In quel tempo. Quando furono vicini a Gerusalemme, verso Bètfage e Betània, presso il monte degli Ulivi, il Signore Gesù mandò due dei suoi discepoli e disse loro: «Andate nel villaggio di fronte a voi e subito, entrando in esso, troverete un puledro legato, sul quale nessuno è ancora salito. Slegatelo e portatelo qui. E se qualcuno vi dirà: “Perché fate questo?”, rispondete: “Il Signore ne ha bisogno, ma lo rimanderà qui subito”». Andarono e trovarono un puledro legato vicino a una porta, fuori sulla strada, e lo slegarono. Alcuni dei presenti dissero loro: «Perché slegate questo puledro?». Ed essi risposero loro come aveva detto Gesù. E li lasciarono fare. Portarono il puledro da Gesù, vi gettarono sopra i loro mantelli ed egli vi salì sopra. Molti stendevano i propri mantelli sulla strada, altri invece delle fronde, tagliate nei campi. Quelli che precedevano e quelli che seguivano, gridavano: «Osanna! Benedetto colui che viene nel nome del Signore!

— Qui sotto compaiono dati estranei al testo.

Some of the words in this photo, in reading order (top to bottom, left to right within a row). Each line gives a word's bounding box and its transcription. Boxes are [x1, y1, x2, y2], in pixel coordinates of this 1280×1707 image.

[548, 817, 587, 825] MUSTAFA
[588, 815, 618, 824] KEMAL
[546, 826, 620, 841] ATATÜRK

Benedetto il Regno che viene, del nostro padre Davide! Osanna nel più alto dei cieli!». Ed entrò a Gerusalemme, nel tempio. E dopo aver guardato ogni cosa attorno, essendo ormai l’ora tarda, uscì con i Dodici verso Betània.

Riflessione

Gesù è un re indifeso, inerme. La sua mitezza e inermità introducono il ritratto di Gesù. Ma prima delle parole con cui Gesù parla di se stesso definendosi “mite e umile di cuore”, Matteo ci presenta Gesù in preghiera (Mt 11,25-27), ovvero nel luogo spirituale in cui trova la forza per essere mite, ovvero più forte della sua stessa forza così da far spazio ad altri, e di essere umile, ovvero di non innalzarsi, non insuperbirsi, ma porsi all’ultimo posto per poter sostenere gli altri. Umiltà e mitezza sono dunque gli atteggiamenti che i discepoli devono imparare da Gesù perché una vita cristiana ed ecclesiale possa sussistere. Non sono sinonimi di debolezza, ma di forza. Forza esercitata su di sé che diventa forza nei confronti degli altri. Mitezza e umiltà consentono di portare altri restando loro sotto, di sopportare il peso degli altri, il peso della vita comunitaria. Mitezza e umiltà si mettono a servizio della libertà dell’altro e impediscono gli atteggiamenti di dominio e di dipendenza.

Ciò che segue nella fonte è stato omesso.